━━━━━ Available records ━━━━━

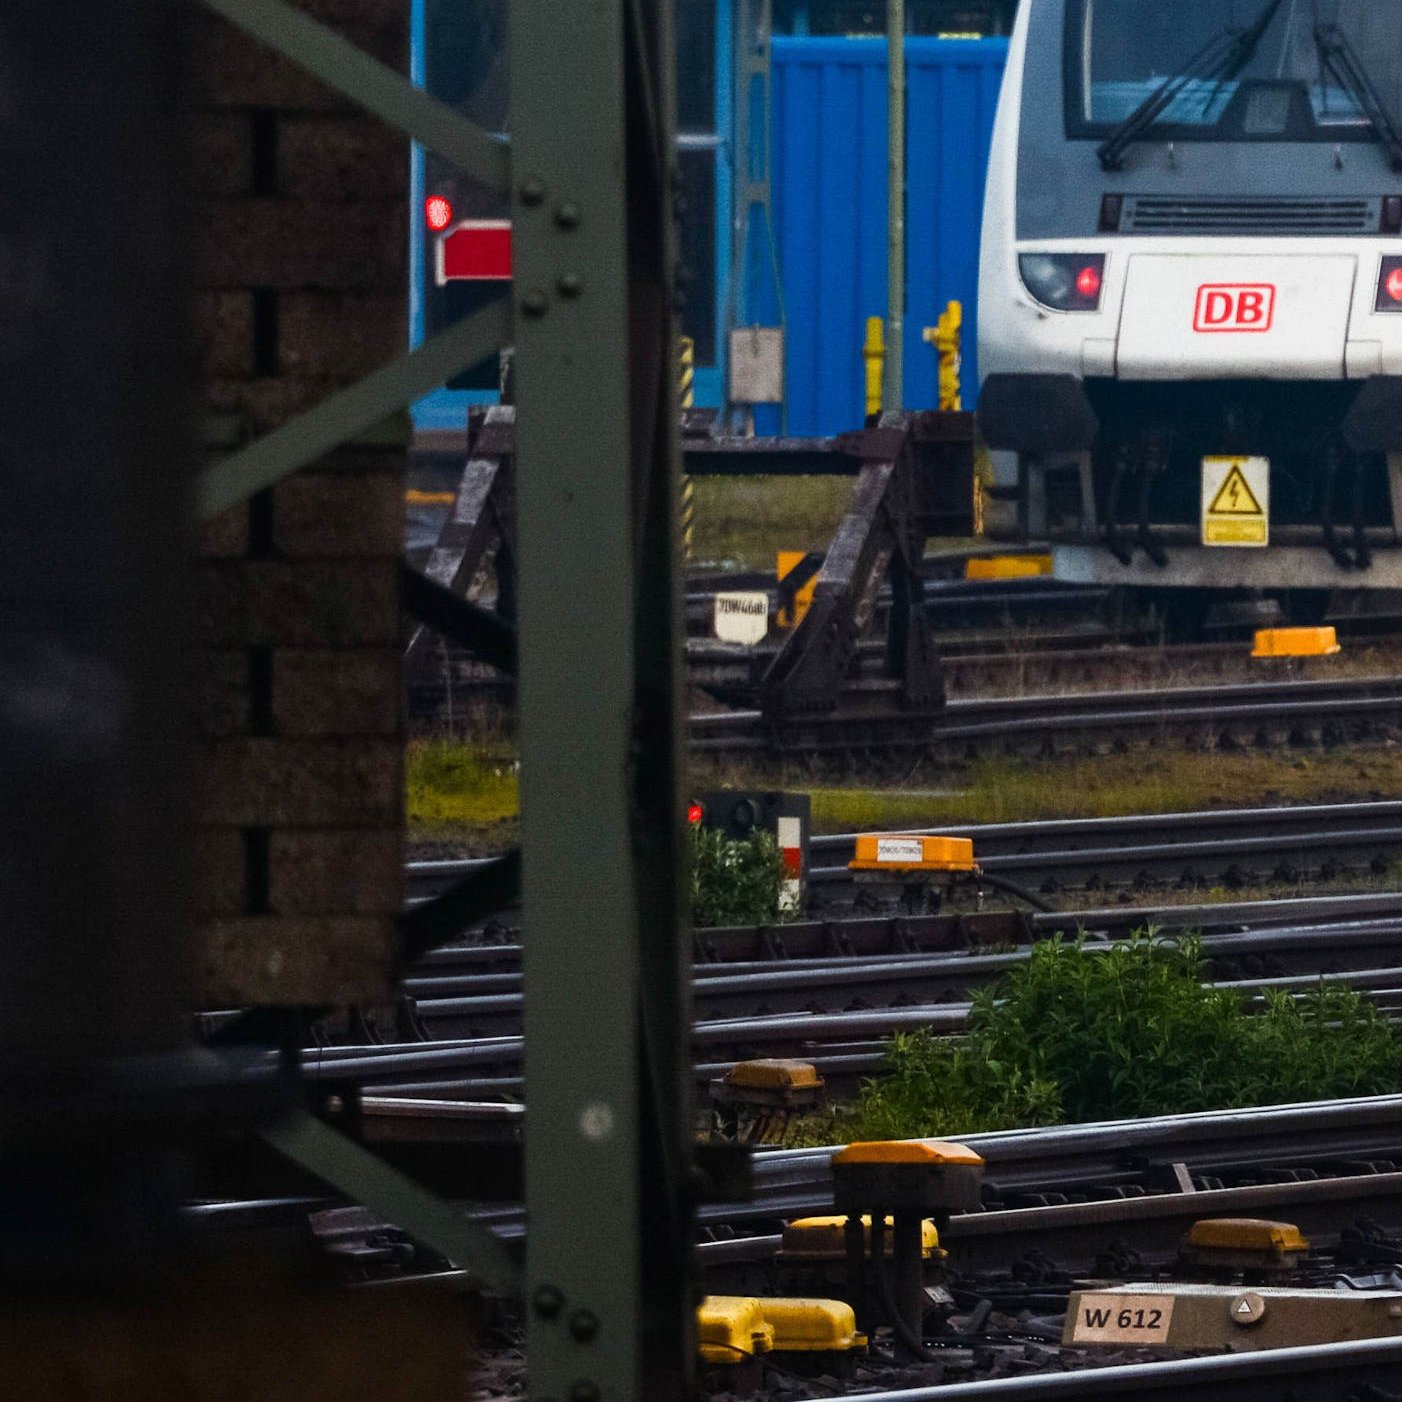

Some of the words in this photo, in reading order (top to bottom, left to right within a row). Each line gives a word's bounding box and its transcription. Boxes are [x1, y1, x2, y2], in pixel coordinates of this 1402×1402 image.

[1203, 291, 1264, 324] DB
[1085, 1308, 1112, 1328] W
[1117, 1309, 1163, 1329] 612
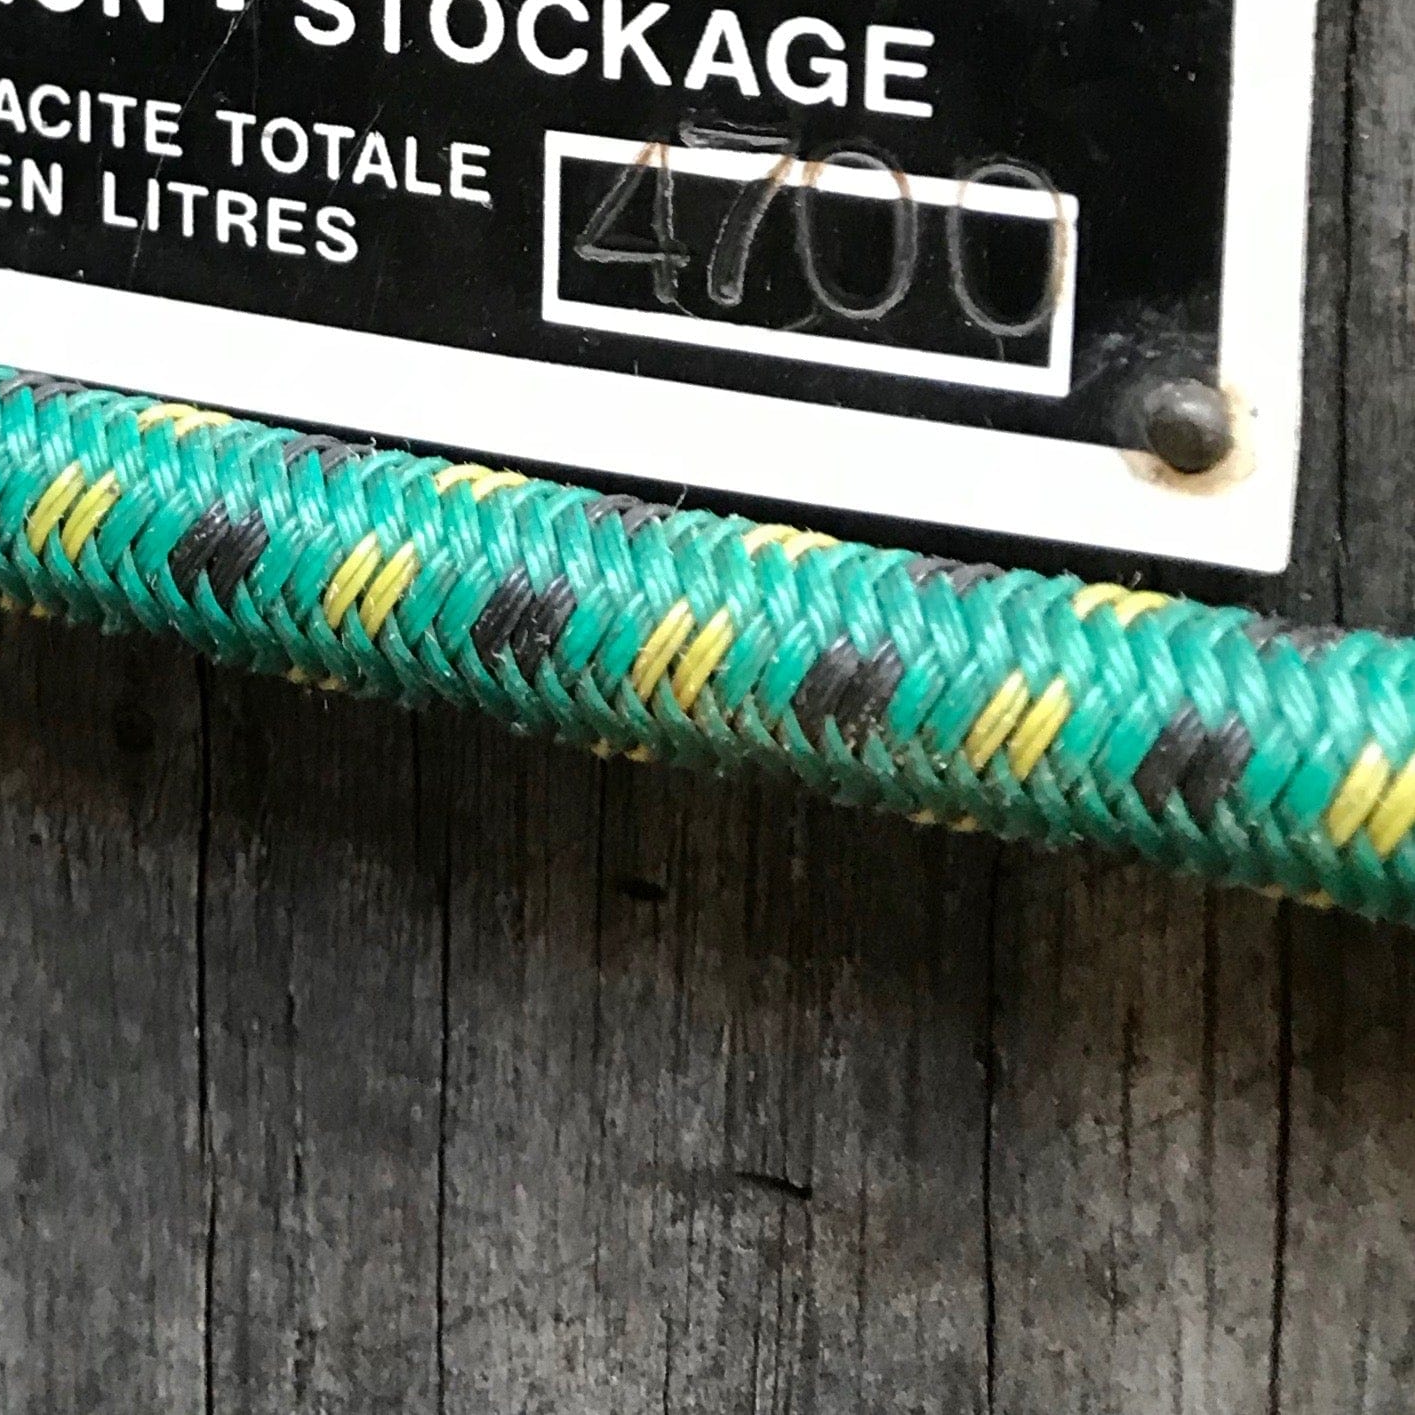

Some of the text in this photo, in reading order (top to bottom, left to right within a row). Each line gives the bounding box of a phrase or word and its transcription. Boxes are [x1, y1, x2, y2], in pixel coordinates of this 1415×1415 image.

[214, 108, 492, 208] TOTALE
[101, 171, 360, 265] LITRES
[574, 121, 1072, 338] 4700

━━━━━

The response has to be an exact copy of all the data, pictures excluded.

- Solution to this exercise
Some of the words in this photo, in reading order (top to bottom, left to right within a row). Each line gives a word's bounding box and its transcription. Boxes are [x1, y1, x2, y2], in pixel coordinates of this 1402×1402 image.

[1203, 291, 1264, 324] DB
[1085, 1308, 1112, 1328] W
[1117, 1309, 1163, 1329] 612

Some of the text in this photo, in reading order (top to bottom, left to right within a row). Each line gives the bounding box of a phrase or word and its transcription. Boxes are [x1, y1, x2, y2], in pixel coordinates of this 1415×1415 image.

[214, 108, 492, 208] TOTALE
[101, 171, 360, 265] LITRES
[574, 121, 1072, 338] 4700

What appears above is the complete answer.